(no subject)

Jul 17, 2011 10:05

It's time to move along Lyn.. It's time.

I've got to really get my head on straight about how I'll be interacting in the kids lives, despite the things that Ash tells me... I need to understand and be comfortable in my new role, because I don't get to go back to my old role, despite Ash saying that I can. I need to stop being heartbroken when I see that Ash took the kids out somewhere with someone else, instead of with me, like he said he wanted to. i have to remember that we're not a family anymore.. Not the way we used to be.
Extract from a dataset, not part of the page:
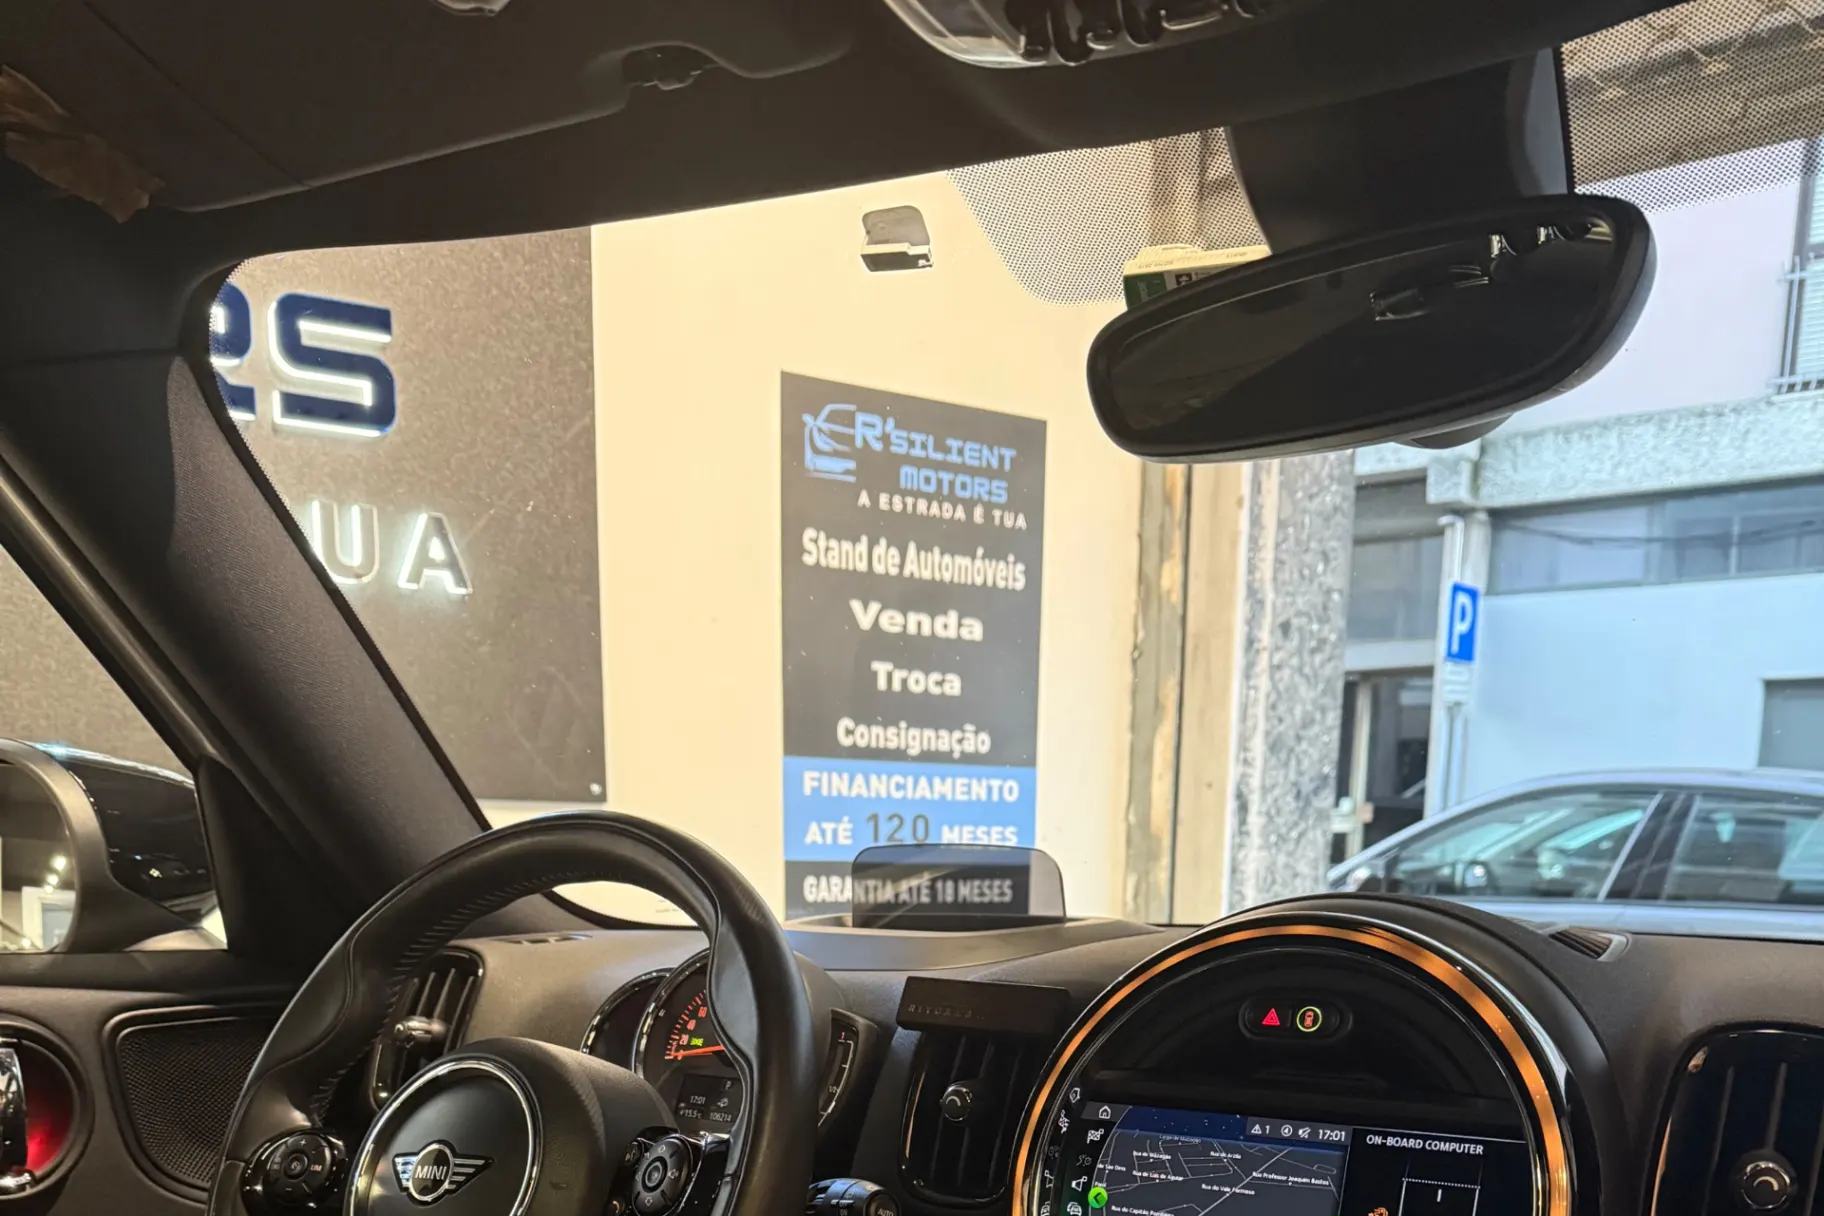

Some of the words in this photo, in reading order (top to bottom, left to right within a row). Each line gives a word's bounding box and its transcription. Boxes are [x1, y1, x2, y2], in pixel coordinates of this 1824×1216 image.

It's frustrating how he keeps telling me I can be as much a part of their lives as I want to. But unless I'm missing something here it can't be. I don't live with them, so I can't be there for mornings, waking them up, helping get ready, walking them to school... He says I could spend the night, but I don't think that's a great idea. Especially not for the whole week the kids are there.
I could be there for a few bedtimes a week, which is nice, but still not the same, I don't have the contentment of knowing they're sleeping in the next room.. Because I don't live there, I don't get to enjoy the little things. I get to take them on outings, which is nice, but really not the same.. Ash doesn't seem to understand this.. Maybe he doesn't want to.

He kept saying that if I really wanted this it's easy, we could just get back together... But it's not easy, and we can't just get back together. A lot of trust was broken, and lost... trying to patch it together would most likely make it worse in the long run.. Relationships that end like ours did can work again after a break up, but it's usually a few years later, once both parties have grown and learned how to deal with the problems that caused the break up in the first place. It's only been about 6 months for Ash and I, and I don't believe either of us have changed enough to not fall back into old patterns. Of course the drawback to this is that we may change so much we don't want to be together anymore... But I suppose that better than being in a dysfunctional relationship. At least, that's all I can really hope for. Just pray I made the right decision.

I'm afraid of regret, and I'm afraid of losing Ash.. and I'm afraid of losing the kids... I don't want to.. but I'm not really in control of that.. am I?